:: Information given

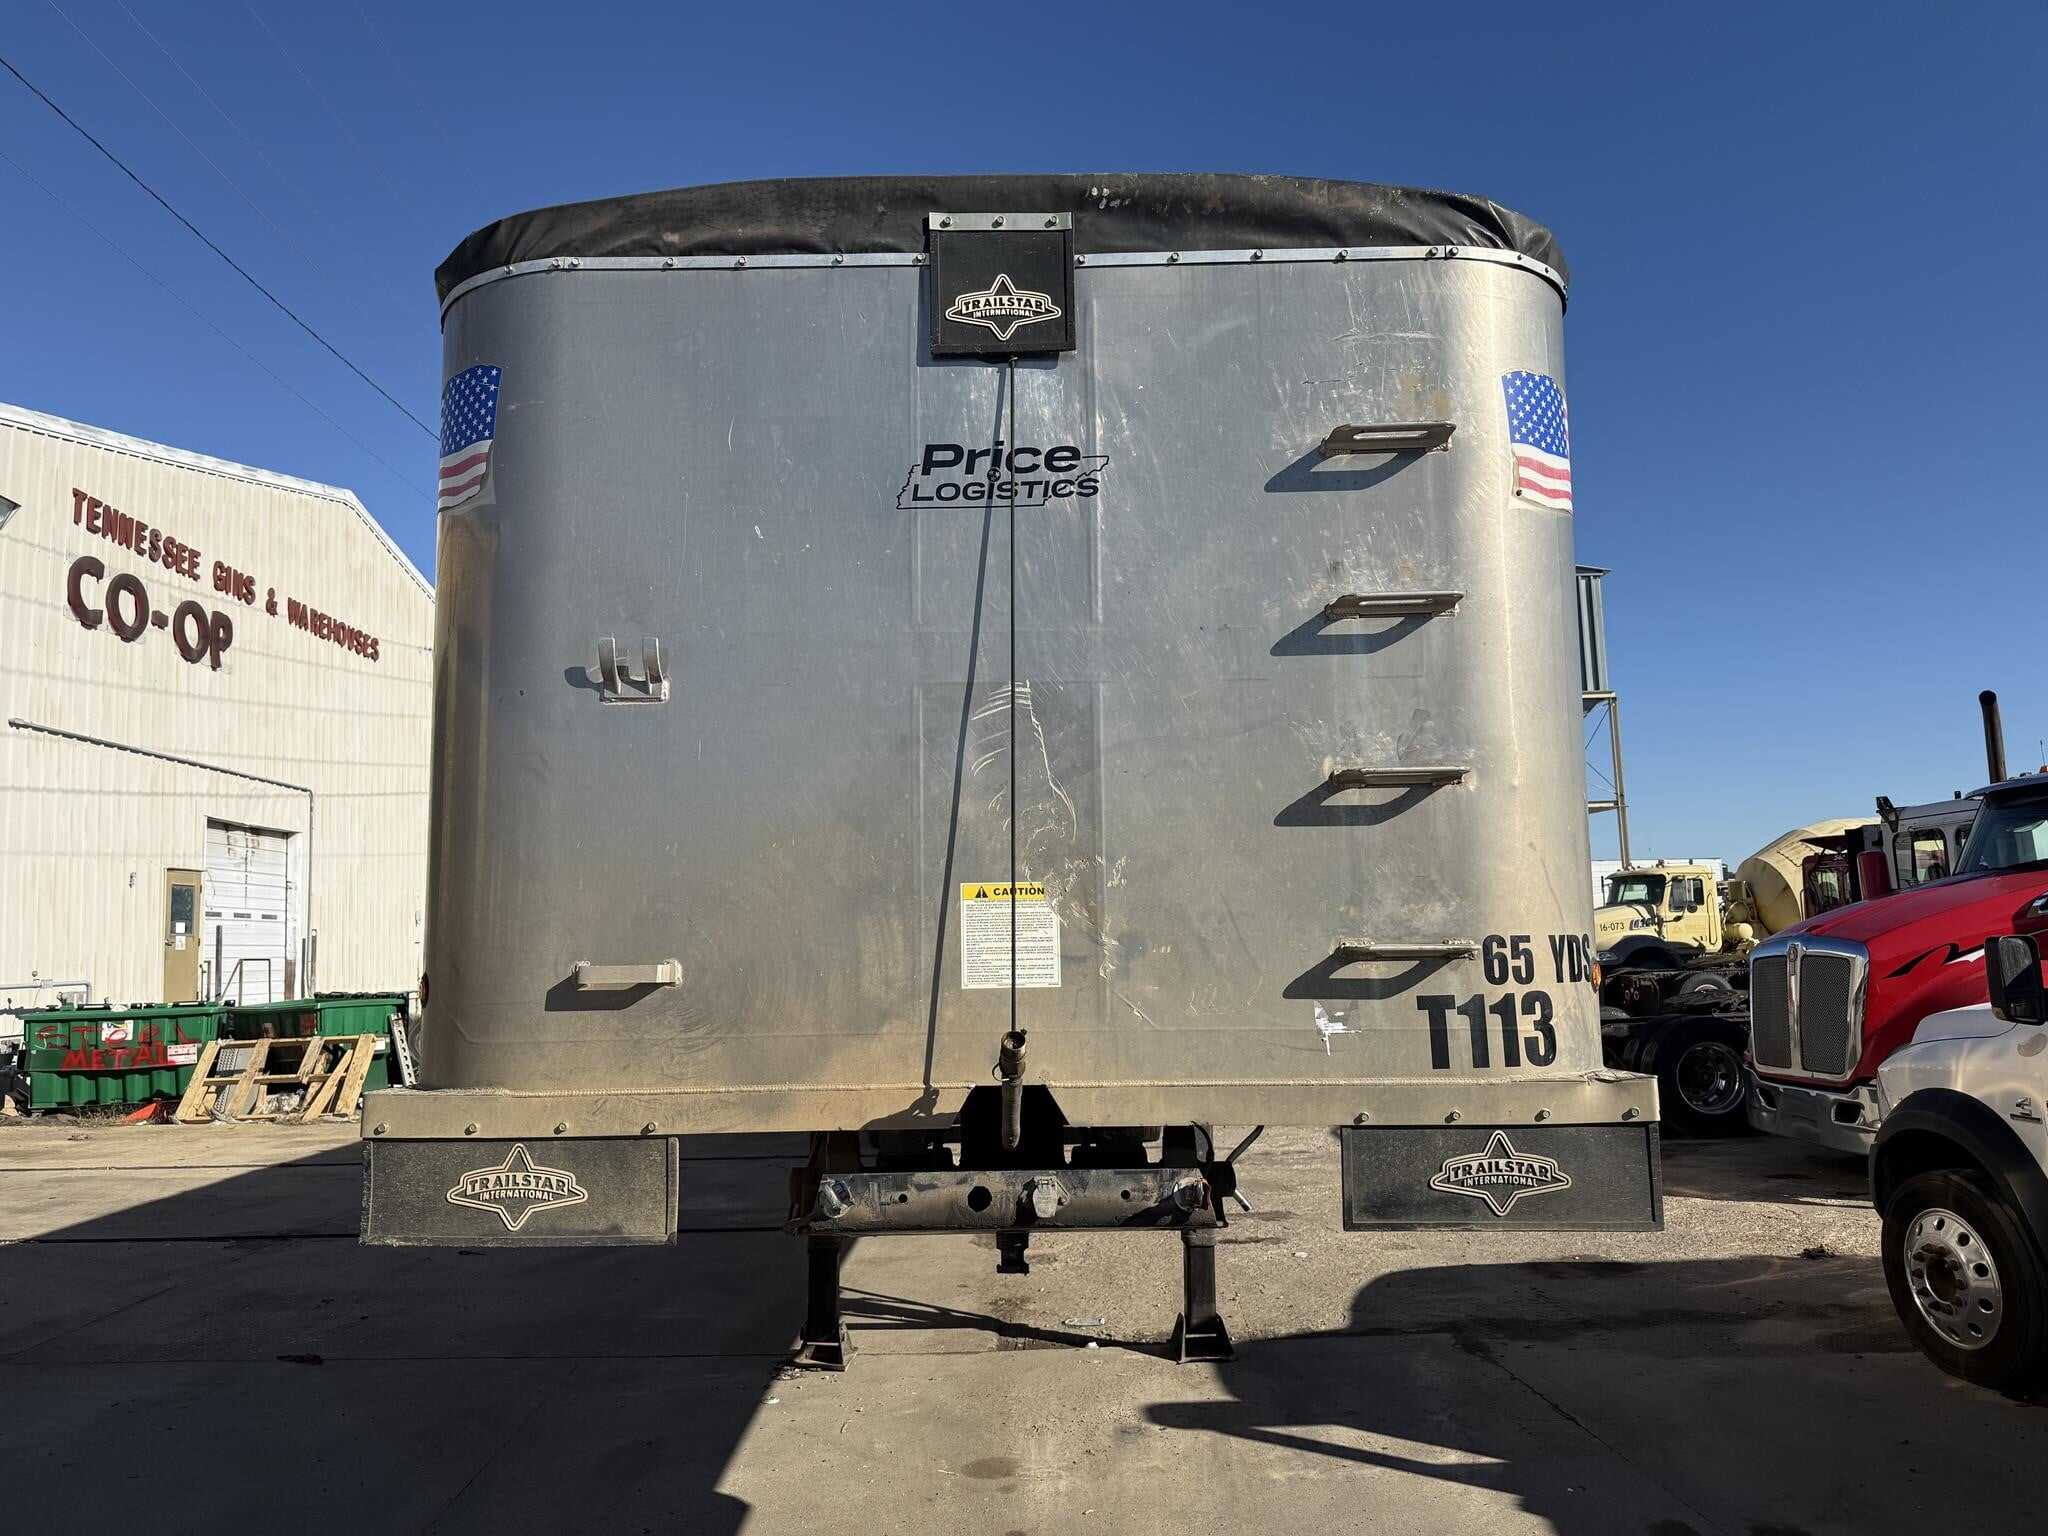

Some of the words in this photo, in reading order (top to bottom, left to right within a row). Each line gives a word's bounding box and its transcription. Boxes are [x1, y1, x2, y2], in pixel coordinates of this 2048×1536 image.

[962, 297, 1045, 312] TRAILSTAR
[973, 309, 1034, 318] INTERNATIONAL
[921, 441, 1081, 476] Price
[912, 478, 1099, 501] LOGISTICS
[72, 488, 202, 582] TENNESSEE
[212, 560, 257, 606] GINS
[265, 587, 279, 617] &
[287, 597, 380, 663] WAREHOUSES
[67, 556, 234, 672] CO-OP
[993, 887, 1045, 896] CAUTION
[1482, 934, 1535, 985] 65
[1548, 933, 1592, 984] YDS
[1416, 990, 1557, 1070] T113
[60, 1041, 176, 1071] METAL
[1451, 1161, 1550, 1180] TRAILSTAR
[1463, 1175, 1538, 1187] INTERNATIONAL
[468, 1174, 567, 1194] TRAILSTAR
[479, 1189, 554, 1201] INTERNATIONAL
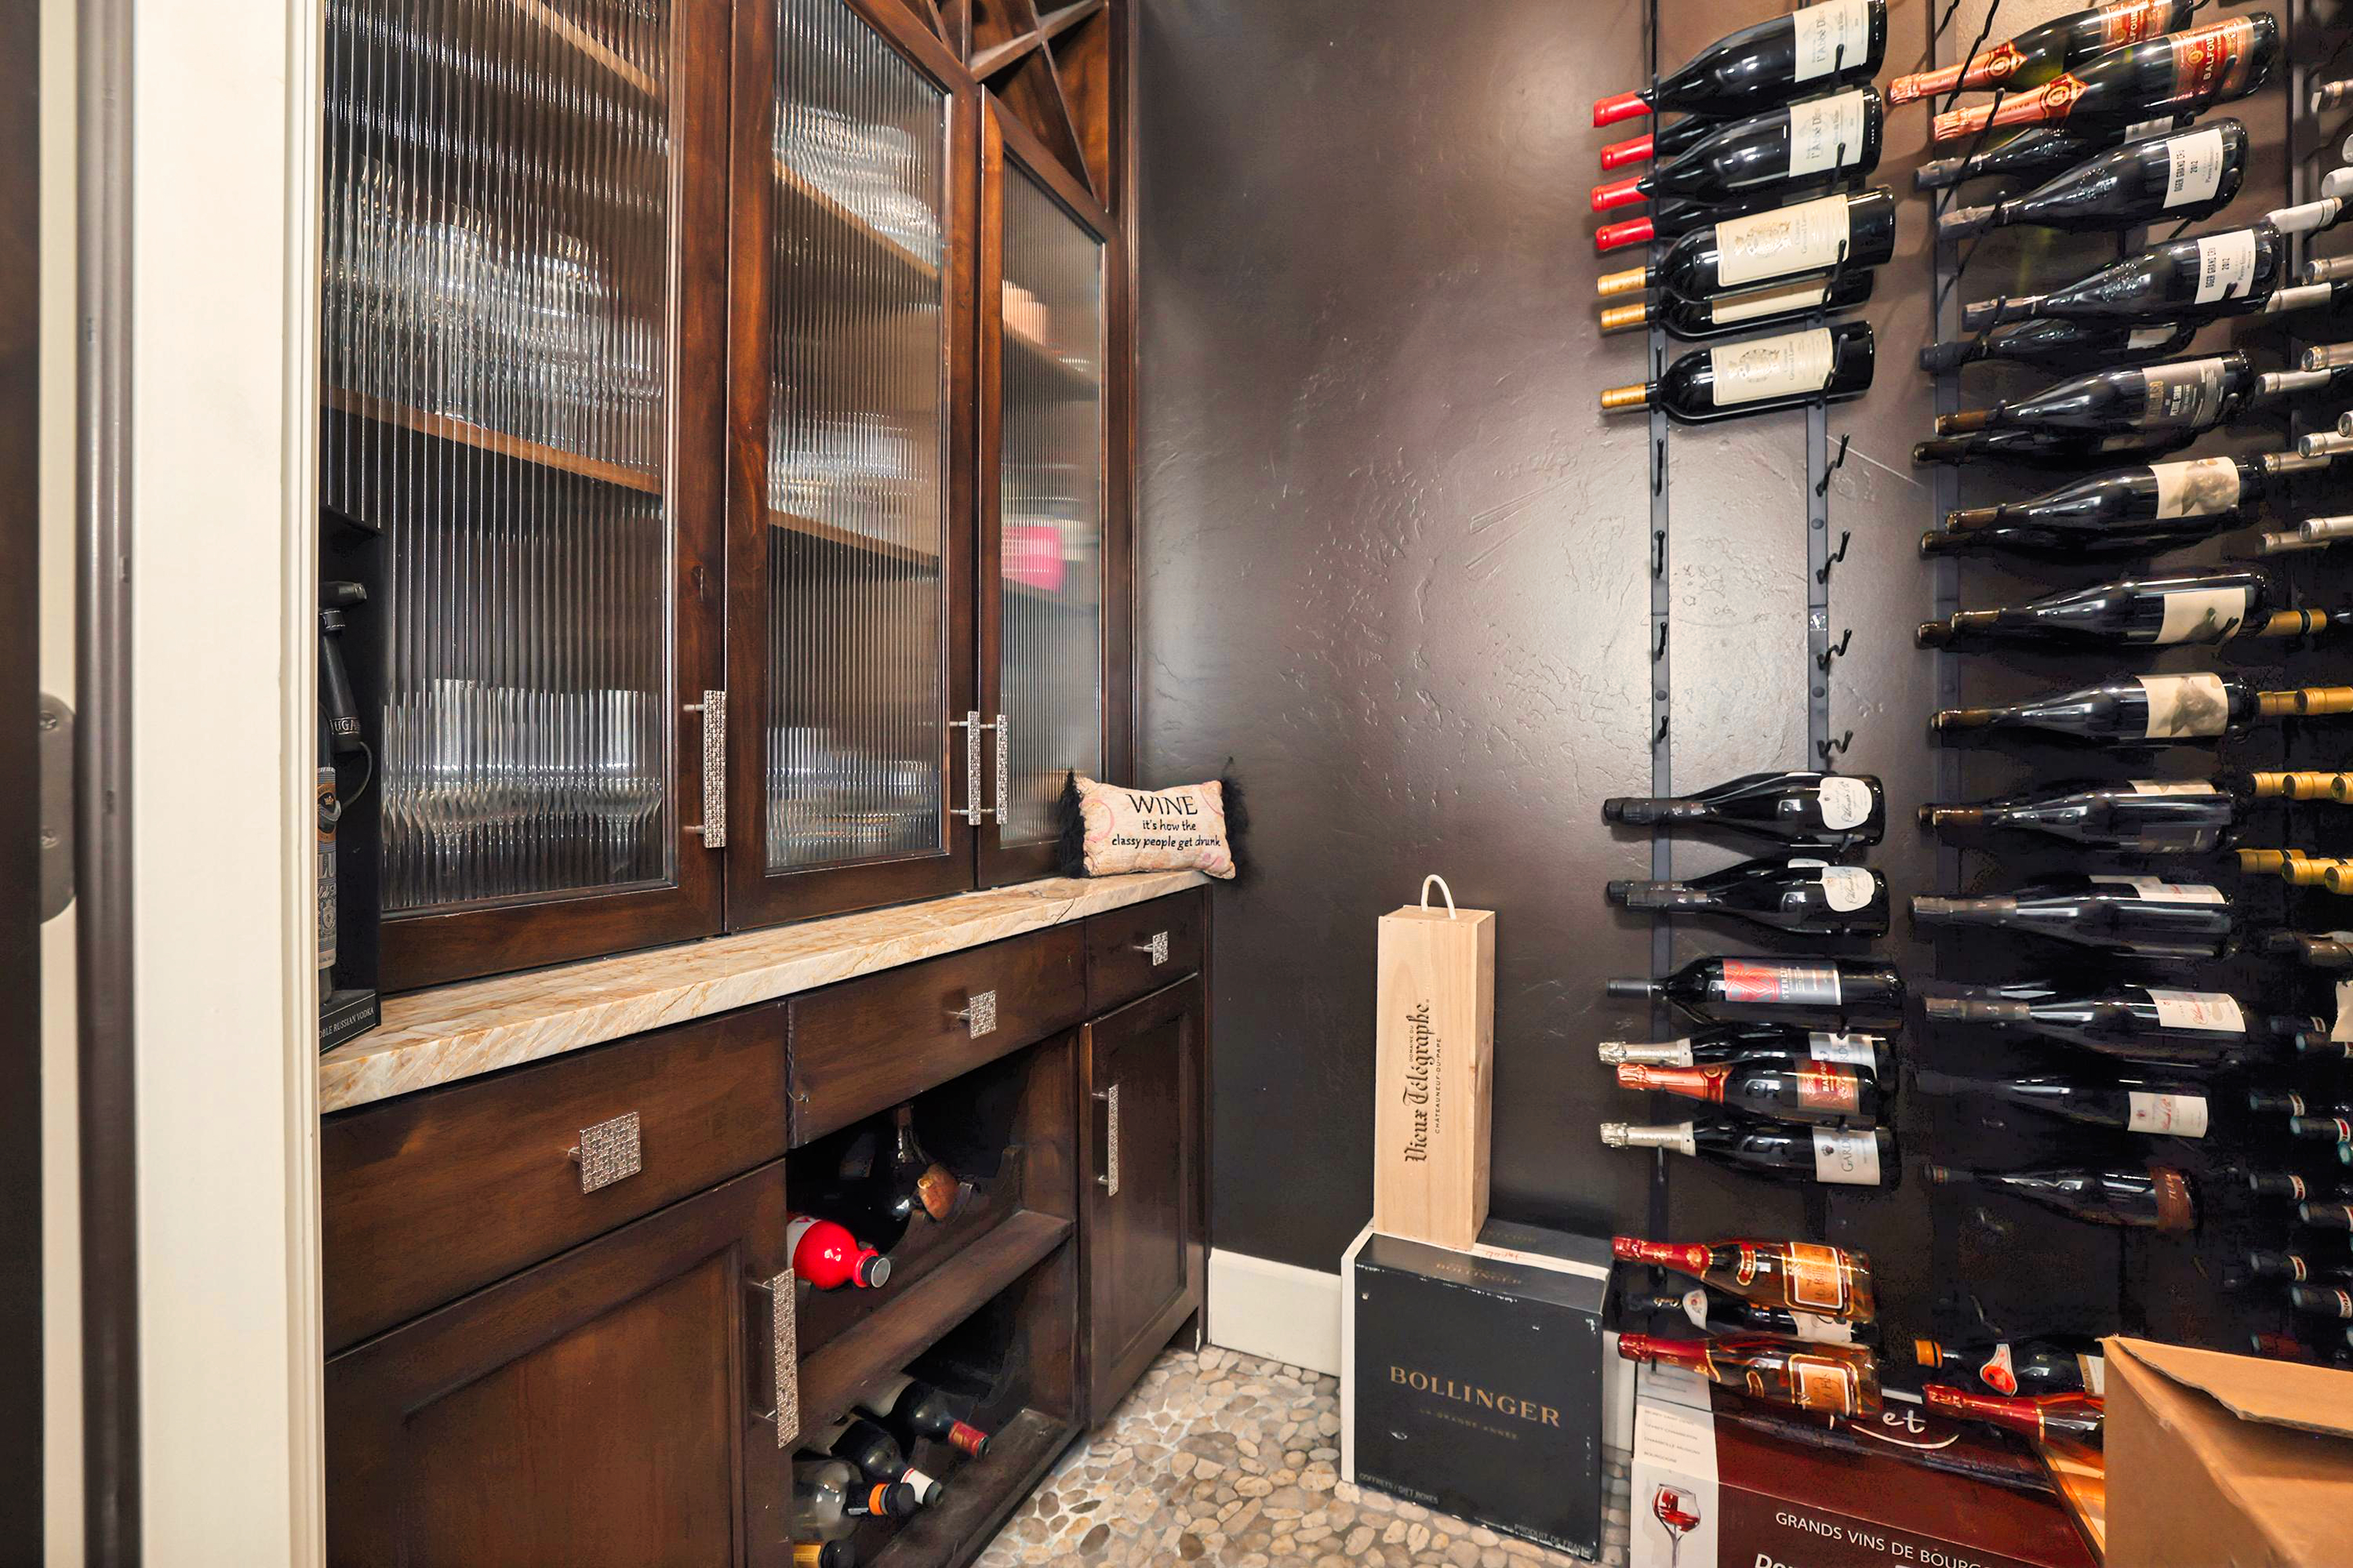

::::

All the material shown above is to be copied exactly, with no pictures carried over.

Some of the words in this photo, in reading order (top to bottom, left to right within a row). Each line gives a word's bounding box and its transcription. Boxes are [x1, y1, x2, y2], in pixel coordinates of this 2048×1536 image.

[962, 297, 1045, 312] TRAILSTAR
[973, 309, 1034, 318] INTERNATIONAL
[921, 441, 1081, 476] Price
[912, 478, 1099, 501] LOGISTICS
[72, 488, 202, 582] TENNESSEE
[212, 560, 257, 606] GINS
[265, 587, 279, 617] &
[287, 597, 380, 663] WAREHOUSES
[67, 556, 234, 672] CO-OP
[993, 887, 1045, 896] CAUTION
[1482, 934, 1535, 985] 65
[1548, 933, 1592, 984] YDS
[1416, 990, 1557, 1070] T113
[60, 1041, 176, 1071] METAL
[1451, 1161, 1550, 1180] TRAILSTAR
[1463, 1175, 1538, 1187] INTERNATIONAL
[468, 1174, 567, 1194] TRAILSTAR
[479, 1189, 554, 1201] INTERNATIONAL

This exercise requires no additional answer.